WHAT YOU SHOULD DO: Return each entry exactly, so that nothing in the data differs from the original.

RECORDS SHOWN:
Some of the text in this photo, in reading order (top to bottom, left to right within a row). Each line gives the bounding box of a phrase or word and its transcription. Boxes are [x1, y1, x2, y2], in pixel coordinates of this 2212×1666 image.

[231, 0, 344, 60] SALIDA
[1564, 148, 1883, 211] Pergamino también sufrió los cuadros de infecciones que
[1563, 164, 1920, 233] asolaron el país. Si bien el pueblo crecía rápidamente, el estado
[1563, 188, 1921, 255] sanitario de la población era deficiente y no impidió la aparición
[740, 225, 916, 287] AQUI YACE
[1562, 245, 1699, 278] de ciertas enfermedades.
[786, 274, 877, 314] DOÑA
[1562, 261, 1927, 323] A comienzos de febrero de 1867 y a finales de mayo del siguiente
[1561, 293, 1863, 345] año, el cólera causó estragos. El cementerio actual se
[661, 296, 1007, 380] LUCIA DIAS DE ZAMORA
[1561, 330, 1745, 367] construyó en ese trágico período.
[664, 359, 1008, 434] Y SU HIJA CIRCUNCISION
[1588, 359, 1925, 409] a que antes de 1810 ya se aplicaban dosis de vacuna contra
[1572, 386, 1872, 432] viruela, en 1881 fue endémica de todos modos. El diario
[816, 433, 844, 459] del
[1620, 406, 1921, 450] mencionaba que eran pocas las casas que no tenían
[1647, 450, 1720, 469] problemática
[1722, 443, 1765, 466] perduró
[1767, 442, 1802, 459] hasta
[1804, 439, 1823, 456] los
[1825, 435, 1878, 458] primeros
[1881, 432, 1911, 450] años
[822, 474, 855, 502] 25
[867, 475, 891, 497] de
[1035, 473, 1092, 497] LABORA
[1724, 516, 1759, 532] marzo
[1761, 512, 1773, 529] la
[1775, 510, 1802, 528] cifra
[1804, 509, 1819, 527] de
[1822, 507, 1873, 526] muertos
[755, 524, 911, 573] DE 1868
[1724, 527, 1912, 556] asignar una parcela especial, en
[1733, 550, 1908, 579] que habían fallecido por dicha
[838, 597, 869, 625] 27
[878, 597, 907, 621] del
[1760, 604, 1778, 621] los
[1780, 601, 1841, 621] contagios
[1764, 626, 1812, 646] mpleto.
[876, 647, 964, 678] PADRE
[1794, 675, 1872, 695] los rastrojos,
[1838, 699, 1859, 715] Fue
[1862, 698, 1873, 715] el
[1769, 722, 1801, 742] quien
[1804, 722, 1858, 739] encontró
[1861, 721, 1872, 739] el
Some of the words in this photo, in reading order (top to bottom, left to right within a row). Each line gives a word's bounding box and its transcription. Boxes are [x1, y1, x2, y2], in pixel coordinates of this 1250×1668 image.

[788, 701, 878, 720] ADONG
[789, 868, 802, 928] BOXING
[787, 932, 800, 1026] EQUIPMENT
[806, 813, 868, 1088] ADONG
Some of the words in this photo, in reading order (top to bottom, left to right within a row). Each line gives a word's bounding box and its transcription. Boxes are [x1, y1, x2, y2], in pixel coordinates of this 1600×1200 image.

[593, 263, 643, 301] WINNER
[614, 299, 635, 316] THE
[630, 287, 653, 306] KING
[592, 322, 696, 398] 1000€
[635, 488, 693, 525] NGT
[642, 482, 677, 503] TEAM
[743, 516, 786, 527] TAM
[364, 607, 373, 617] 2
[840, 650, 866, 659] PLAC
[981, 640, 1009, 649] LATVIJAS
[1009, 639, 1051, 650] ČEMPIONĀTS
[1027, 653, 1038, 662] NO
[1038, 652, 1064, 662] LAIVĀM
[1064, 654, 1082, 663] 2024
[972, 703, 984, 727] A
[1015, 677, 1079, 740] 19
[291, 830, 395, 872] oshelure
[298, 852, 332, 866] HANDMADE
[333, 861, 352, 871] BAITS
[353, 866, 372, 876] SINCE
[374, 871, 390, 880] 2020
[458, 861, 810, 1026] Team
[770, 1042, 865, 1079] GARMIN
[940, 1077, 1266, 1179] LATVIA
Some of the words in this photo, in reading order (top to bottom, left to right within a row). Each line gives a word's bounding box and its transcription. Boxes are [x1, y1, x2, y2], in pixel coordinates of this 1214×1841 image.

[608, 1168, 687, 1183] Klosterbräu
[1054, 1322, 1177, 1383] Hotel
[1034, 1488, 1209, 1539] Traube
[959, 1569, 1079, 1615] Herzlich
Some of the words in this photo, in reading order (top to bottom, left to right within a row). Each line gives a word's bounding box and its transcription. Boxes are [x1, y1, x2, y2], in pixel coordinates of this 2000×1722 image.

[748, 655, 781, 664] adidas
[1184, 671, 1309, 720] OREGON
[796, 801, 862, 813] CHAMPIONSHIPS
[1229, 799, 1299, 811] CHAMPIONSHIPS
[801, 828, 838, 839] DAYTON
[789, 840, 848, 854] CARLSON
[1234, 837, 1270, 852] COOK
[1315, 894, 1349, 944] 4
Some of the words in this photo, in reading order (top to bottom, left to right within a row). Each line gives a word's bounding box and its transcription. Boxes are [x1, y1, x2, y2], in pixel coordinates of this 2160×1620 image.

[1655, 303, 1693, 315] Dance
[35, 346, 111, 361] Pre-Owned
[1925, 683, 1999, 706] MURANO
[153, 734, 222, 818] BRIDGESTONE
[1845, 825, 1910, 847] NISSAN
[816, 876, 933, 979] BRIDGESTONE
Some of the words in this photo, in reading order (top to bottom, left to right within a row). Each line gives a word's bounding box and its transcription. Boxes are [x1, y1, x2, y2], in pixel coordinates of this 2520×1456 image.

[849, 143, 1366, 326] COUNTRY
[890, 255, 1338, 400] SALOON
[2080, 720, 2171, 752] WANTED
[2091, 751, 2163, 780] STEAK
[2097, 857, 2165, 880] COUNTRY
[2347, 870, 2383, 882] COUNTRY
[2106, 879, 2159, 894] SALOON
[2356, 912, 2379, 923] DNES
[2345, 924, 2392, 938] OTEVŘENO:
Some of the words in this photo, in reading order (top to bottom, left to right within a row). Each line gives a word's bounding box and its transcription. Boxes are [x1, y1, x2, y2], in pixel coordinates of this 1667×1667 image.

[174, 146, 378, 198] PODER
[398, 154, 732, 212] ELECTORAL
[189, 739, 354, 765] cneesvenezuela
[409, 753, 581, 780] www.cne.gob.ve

SOLUTION TO THIS TASK:
Some of the text in this photo, in reading order (top to bottom, left to right within a row). Each line gives the bounding box of a phrase or word and its transcription. Boxes are [x1, y1, x2, y2], in pixel coordinates of this 2212×1666 image.

[231, 0, 344, 60] SALIDA
[1564, 148, 1883, 211] Pergamino también sufrió los cuadros de infecciones que
[1563, 164, 1920, 233] asolaron el país. Si bien el pueblo crecía rápidamente, el estado
[1563, 188, 1921, 255] sanitario de la población era deficiente y no impidió la aparición
[740, 225, 916, 287] AQUI YACE
[1562, 245, 1699, 278] de ciertas enfermedades.
[786, 274, 877, 314] DOÑA
[1562, 261, 1927, 323] A comienzos de febrero de 1867 y a finales de mayo del siguiente
[1561, 293, 1863, 345] año, el cólera causó estragos. El cementerio actual se
[661, 296, 1007, 380] LUCIA DIAS DE ZAMORA
[1561, 330, 1745, 367] construyó en ese trágico período.
[664, 359, 1008, 434] Y SU HIJA CIRCUNCISION
[1588, 359, 1925, 409] a que antes de 1810 ya se aplicaban dosis de vacuna contra
[1572, 386, 1872, 432] viruela, en 1881 fue endémica de todos modos. El diario
[816, 433, 844, 459] del
[1620, 406, 1921, 450] mencionaba que eran pocas las casas que no tenían
[1647, 450, 1720, 469] problemática
[1722, 443, 1765, 466] perduró
[1767, 442, 1802, 459] hasta
[1804, 439, 1823, 456] los
[1825, 435, 1878, 458] primeros
[1881, 432, 1911, 450] años
[822, 474, 855, 502] 25
[867, 475, 891, 497] de
[1035, 473, 1092, 497] LABORA
[1724, 516, 1759, 532] marzo
[1761, 512, 1773, 529] la
[1775, 510, 1802, 528] cifra
[1804, 509, 1819, 527] de
[1822, 507, 1873, 526] muertos
[755, 524, 911, 573] DE 1868
[1724, 527, 1912, 556] asignar una parcela especial, en
[1733, 550, 1908, 579] que habían fallecido por dicha
[838, 597, 869, 625] 27
[878, 597, 907, 621] del
[1760, 604, 1778, 621] los
[1780, 601, 1841, 621] contagios
[1764, 626, 1812, 646] mpleto.
[876, 647, 964, 678] PADRE
[1794, 675, 1872, 695] los rastrojos,
[1838, 699, 1859, 715] Fue
[1862, 698, 1873, 715] el
[1769, 722, 1801, 742] quien
[1804, 722, 1858, 739] encontró
[1861, 721, 1872, 739] el
Some of the words in this photo, in reading order (top to bottom, left to right within a row). Each line gives a word's bounding box and its transcription. Boxes are [x1, y1, x2, y2], in pixel coordinates of this 1250×1668 image.

[788, 701, 878, 720] ADONG
[789, 868, 802, 928] BOXING
[787, 932, 800, 1026] EQUIPMENT
[806, 813, 868, 1088] ADONG
Some of the words in this photo, in reading order (top to bottom, left to right within a row). Each line gives a word's bounding box and its transcription. Boxes are [x1, y1, x2, y2], in pixel coordinates of this 1600×1200 image.

[593, 263, 643, 301] WINNER
[614, 299, 635, 316] THE
[630, 287, 653, 306] KING
[592, 322, 696, 398] 1000€
[635, 488, 693, 525] NGT
[642, 482, 677, 503] TEAM
[743, 516, 786, 527] TAM
[364, 607, 373, 617] 2
[840, 650, 866, 659] PLAC
[981, 640, 1009, 649] LATVIJAS
[1009, 639, 1051, 650] ČEMPIONĀTS
[1027, 653, 1038, 662] NO
[1038, 652, 1064, 662] LAIVĀM
[1064, 654, 1082, 663] 2024
[972, 703, 984, 727] A
[1015, 677, 1079, 740] 19
[291, 830, 395, 872] oshelure
[298, 852, 332, 866] HANDMADE
[333, 861, 352, 871] BAITS
[353, 866, 372, 876] SINCE
[374, 871, 390, 880] 2020
[458, 861, 810, 1026] Team
[770, 1042, 865, 1079] GARMIN
[940, 1077, 1266, 1179] LATVIA
Some of the words in this photo, in reading order (top to bottom, left to right within a row). Each line gives a word's bounding box and its transcription. Boxes are [x1, y1, x2, y2], in pixel coordinates of this 1214×1841 image.

[608, 1168, 687, 1183] Klosterbräu
[1054, 1322, 1177, 1383] Hotel
[1034, 1488, 1209, 1539] Traube
[959, 1569, 1079, 1615] Herzlich
Some of the words in this photo, in reading order (top to bottom, left to right within a row). Each line gives a word's bounding box and its transcription. Boxes are [x1, y1, x2, y2], in pixel coordinates of this 2000×1722 image.

[748, 655, 781, 664] adidas
[1184, 671, 1309, 720] OREGON
[796, 801, 862, 813] CHAMPIONSHIPS
[1229, 799, 1299, 811] CHAMPIONSHIPS
[801, 828, 838, 839] DAYTON
[789, 840, 848, 854] CARLSON
[1234, 837, 1270, 852] COOK
[1315, 894, 1349, 944] 4
Some of the words in this photo, in reading order (top to bottom, left to right within a row). Each line gives a word's bounding box and its transcription. Boxes are [x1, y1, x2, y2], in pixel coordinates of this 2160×1620 image.

[1655, 303, 1693, 315] Dance
[35, 346, 111, 361] Pre-Owned
[1925, 683, 1999, 706] MURANO
[153, 734, 222, 818] BRIDGESTONE
[1845, 825, 1910, 847] NISSAN
[816, 876, 933, 979] BRIDGESTONE
Some of the words in this photo, in reading order (top to bottom, left to right within a row). Each line gives a word's bounding box and its transcription. Boxes are [x1, y1, x2, y2], in pixel coordinates of this 2520×1456 image.

[849, 143, 1366, 326] COUNTRY
[890, 255, 1338, 400] SALOON
[2080, 720, 2171, 752] WANTED
[2091, 751, 2163, 780] STEAK
[2097, 857, 2165, 880] COUNTRY
[2347, 870, 2383, 882] COUNTRY
[2106, 879, 2159, 894] SALOON
[2356, 912, 2379, 923] DNES
[2345, 924, 2392, 938] OTEVŘENO:
Some of the words in this photo, in reading order (top to bottom, left to right within a row). Each line gives a word's bounding box and its transcription. Boxes are [x1, y1, x2, y2], in pixel coordinates of this 1667×1667 image.

[174, 146, 378, 198] PODER
[398, 154, 732, 212] ELECTORAL
[189, 739, 354, 765] cneesvenezuela
[409, 753, 581, 780] www.cne.gob.ve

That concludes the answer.